Member of the Provincial Assembly of the Punjab
- In office 29 May 2013 – 31 May 2018
- Constituency: Reserved seat for women

Member of the National Assembly of Pakistan
- In office 2008–2013
- Constituency: Reserved seat for women

Personal details
- Born: 21 June 1949 (age 77) Gujranwala
- Party: Pakistan Muslim League (N)

= Shaheen Ashfaq =

Pakistani politician

Shaheen Ashfaq (born 21 June 1949) is a Pakistani politician who was a Member of the Provincial Assembly of the Punjab from 2008 to 2013 and again from May 2013 to May 2018.

==Early life and education==
She was born on 21 June 1949 in Gujranwala.

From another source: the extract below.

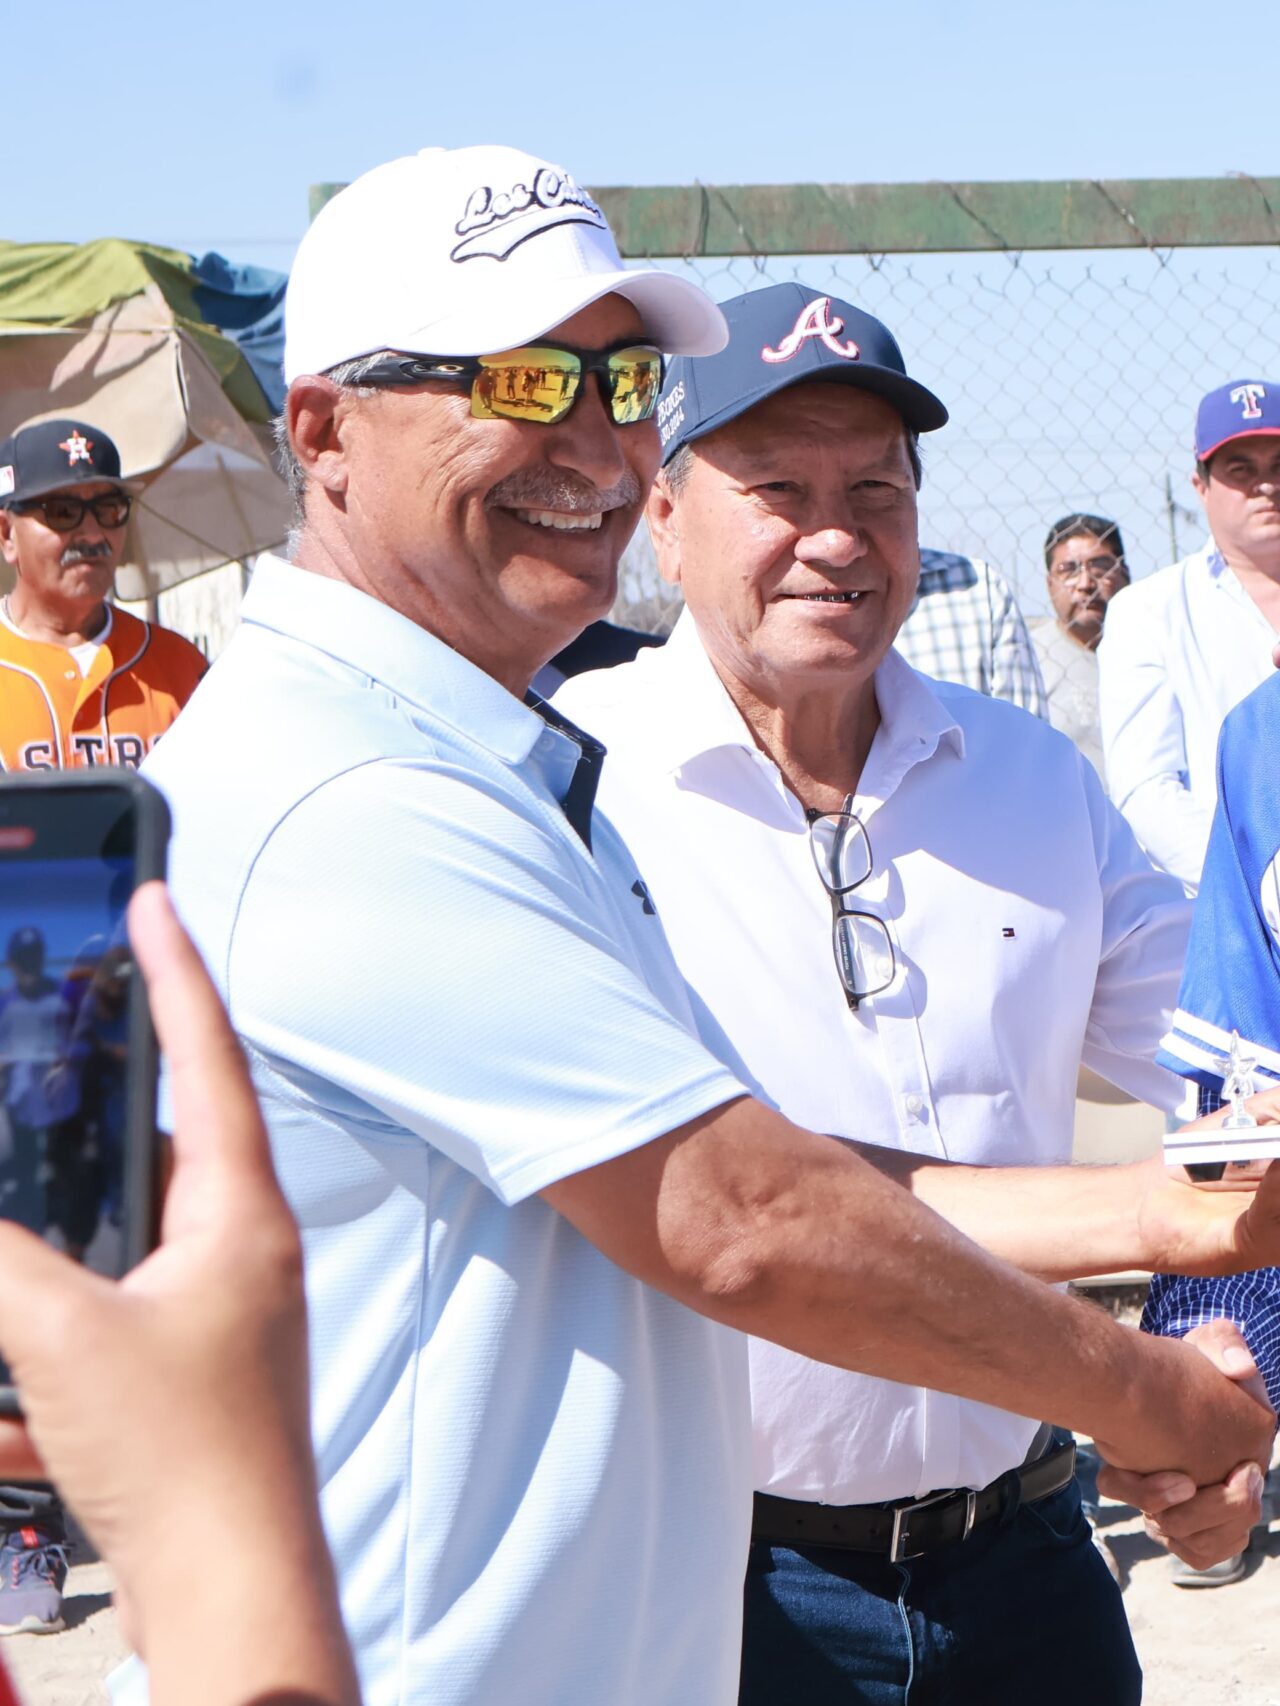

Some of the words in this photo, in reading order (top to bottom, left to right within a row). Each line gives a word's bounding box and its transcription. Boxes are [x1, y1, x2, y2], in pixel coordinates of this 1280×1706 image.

She earned the degree of Master of Arts in Political Science from the University of the Punjab in 1974.

==Political career==
She was elected to the National Assembly of Pakistan as a candidate of Pakistan Muslim League (N) on a seat reserved for women from Punjab in the 2008 Pakistani general election.

She was elected to the Provincial Assembly of the Punjab as a candidate of Pakistan Muslim League (N) on a reserved seat for women in the 2013 Pakistani general election. In December 2013, she was appointed as Parliamentary Secretary for cooperative.